In contrast to city officials, the State Health Department set the correct tone by acknowledging that no correlation exists linking the contraction of the viruses by the three babies to Rabbi Fischer. The State Health Department admits it has no business regulating or legislating religious practices. What has taken the City Health Department so long? What is hindering their ability to see the obvious truth?

What compounds this travesty is the misleading attempt by a City Health Department official to cast the decisions of the Health Department in the bris milah case as having limited ramifications. Isaac Weisfuse writes that, “We have no intention of regulating metzitah b’peh,” and “we are not seeking to regulate a religious practice generally, but are merely trying to safeguard the health of children in the community relative to a specific individual.”

Don’t get suckered into believing that the goal of the City Health Department is merely to restrict a single mohel from performing metzitzah b’peh.

It seems clear that those behind this attack on Rabbi Fischer have further designs up their sleeves. If they succeed in casting as fact the unproven theory that people who have herpes antibodies alone can kill infants, how can they not regulate metzizah? If 90% of the adult population in fact carry those antibodies, how can those in charge of public safety permit mohalim to come in oral contact with infants?

THE DANGER OF TURNING A BLIND EYE

If we remain silent and apathetic, the consequences will be severe. Today it’s Rabbi Fischer’s right to perform metzitzah b’peh and tomorrow, bris milah in general will be up for regulation, followed by government interference in other religious practices as well. Is it far-fetched for do-gooders in charge of public safety to claim that Shabbos candles lead to fires? How about Chanukah Menorahs? Why not simply use electric bulbs, why the archaic practice of using candles and oil with wicks?

Clearly, the City Health Department has overstepped its bounds in the matter of bris milah. If the Health Department is allowed to proceed, eventually every mohel will be subject to a witch hunt. Every mohel will be guilty until proven innocent, denied due process and treated without simple decency, without any respect for his past, present or future.

Contempt for religion and our right to practice it as we see fit will be at the forefront of tomorrow’s headlines.

A fine man has been dragged through the mud, flushed down the toilet, as it were. Apparently, it is only a crime to flush a Koran down the toilet, not a rabbi, not a Jewish religious practice, and not a community of hundreds of thousands of peaceful, law-abiding Jews.

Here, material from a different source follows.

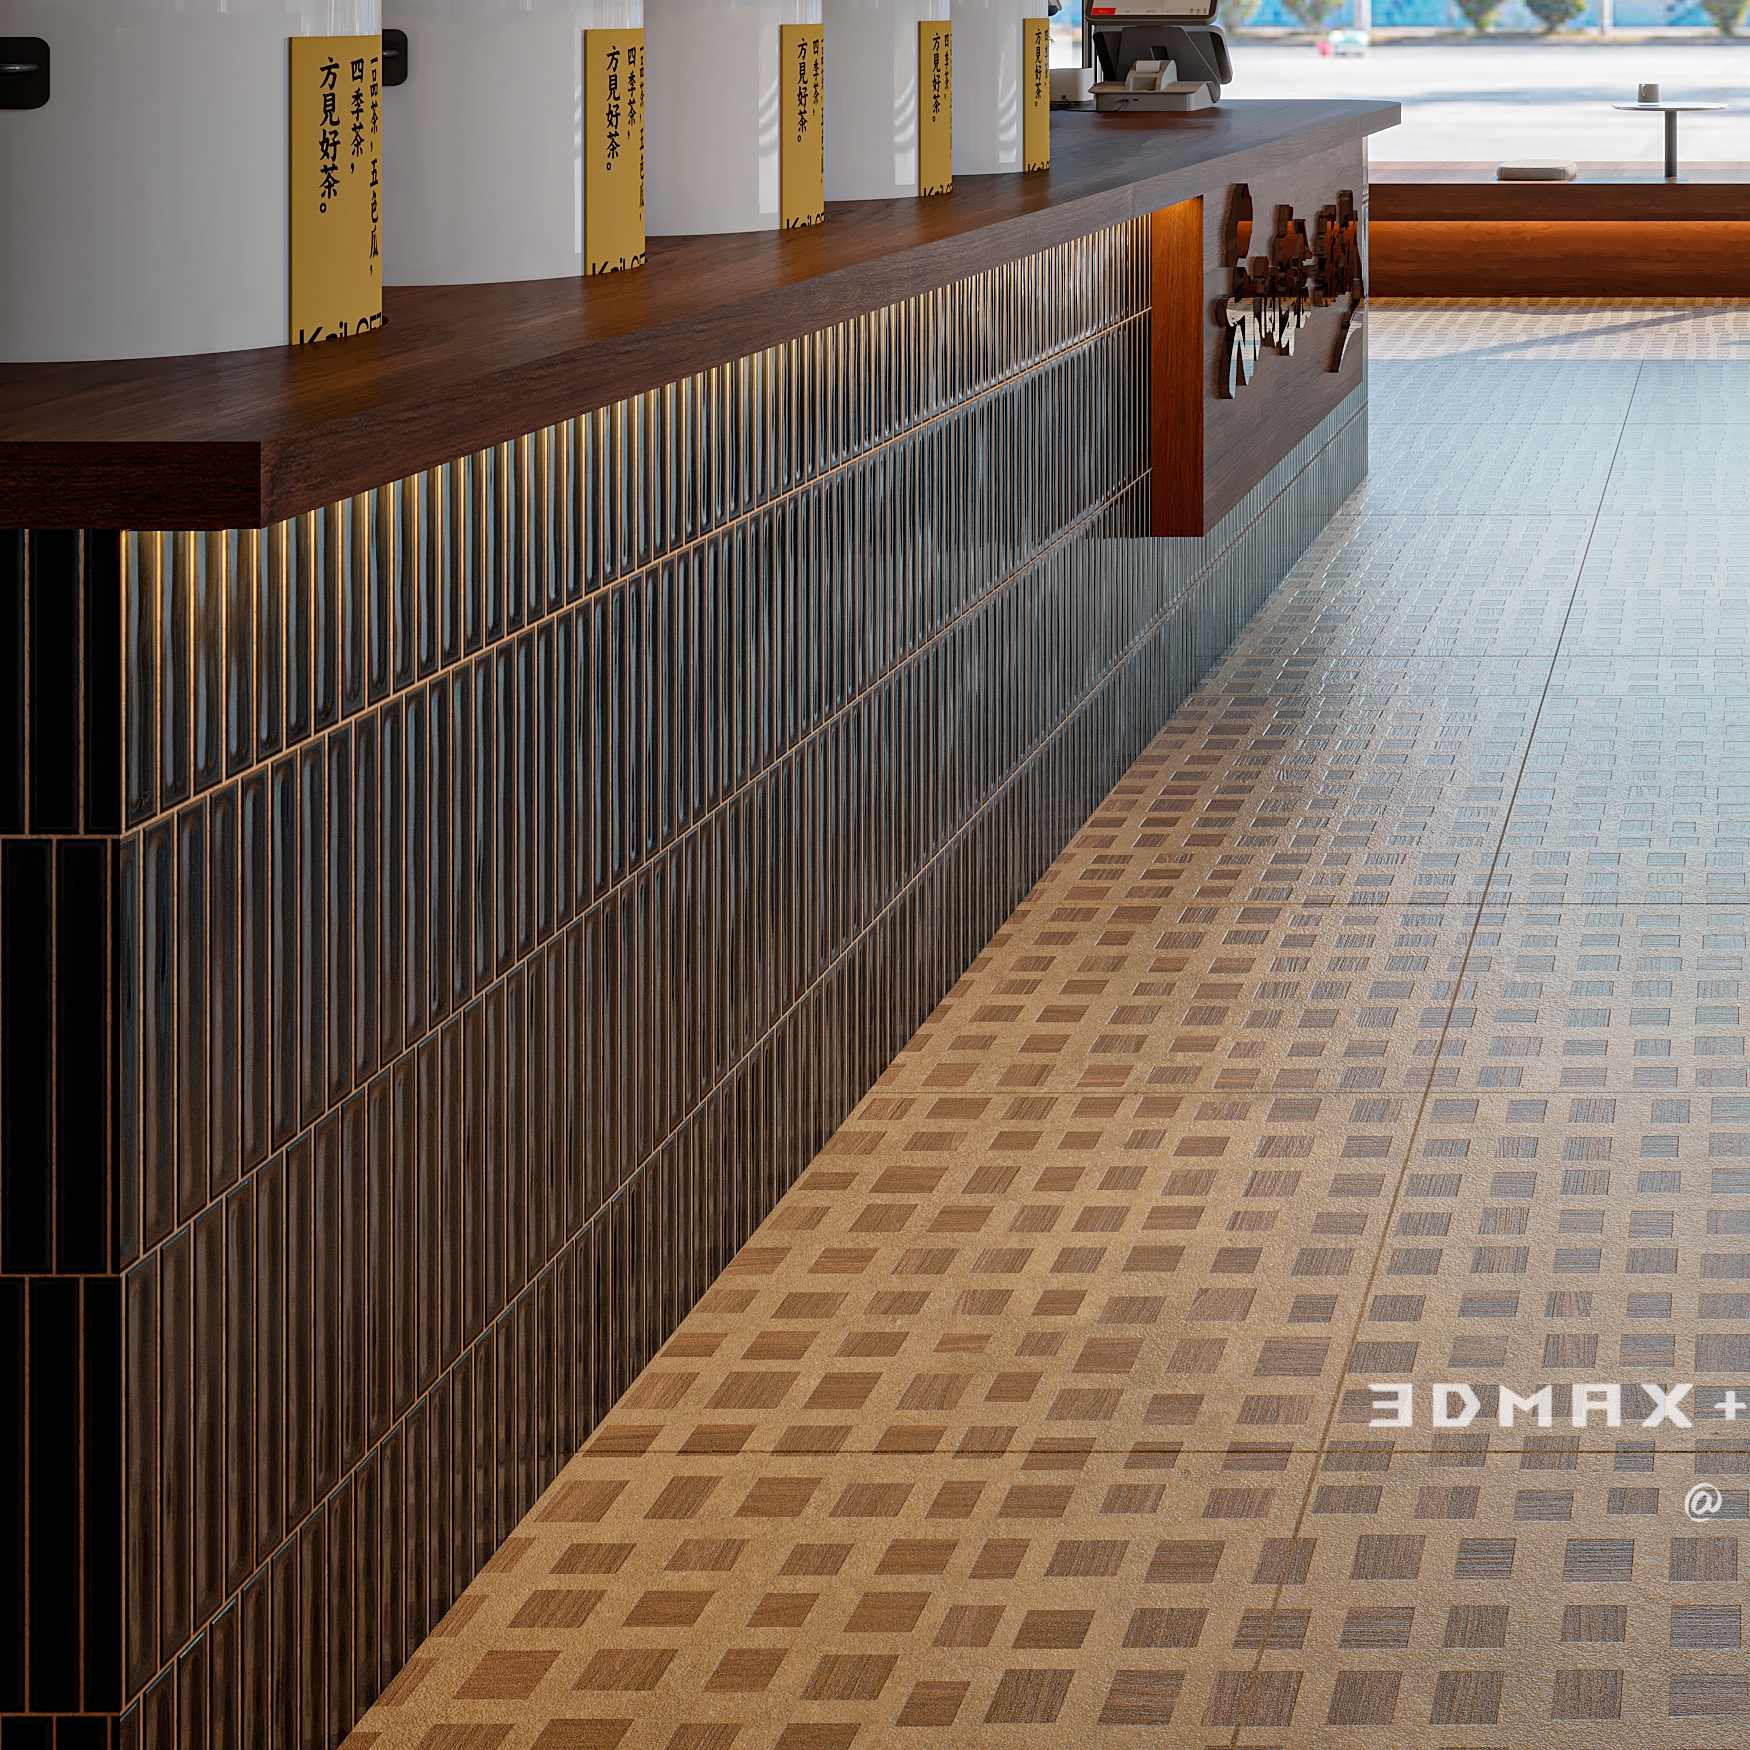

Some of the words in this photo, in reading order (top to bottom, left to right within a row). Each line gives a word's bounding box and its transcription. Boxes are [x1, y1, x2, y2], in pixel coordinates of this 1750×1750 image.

[319, 56, 340, 213] 方見好茶。
[606, 45, 621, 171] 方見好茶。
[797, 38, 808, 143] 方見好茶。

Dare we suggest that because we are a civilized, respectful, peace-seeking people, we are being taken advantage of? How much longer will we be led down a broken trail of lies and governmental deceit? It is time we rise up, and respectfully but forcefully do what we can to bring closure to this sorry chapter.

When murderous savages who have no qualms about burning down houses of worship with co-religionists and Korans inside are insulted, our government reaches out to them, throwing money and ambassadors in their direction in an attempt to prove that the United States esteems the Muslim religion.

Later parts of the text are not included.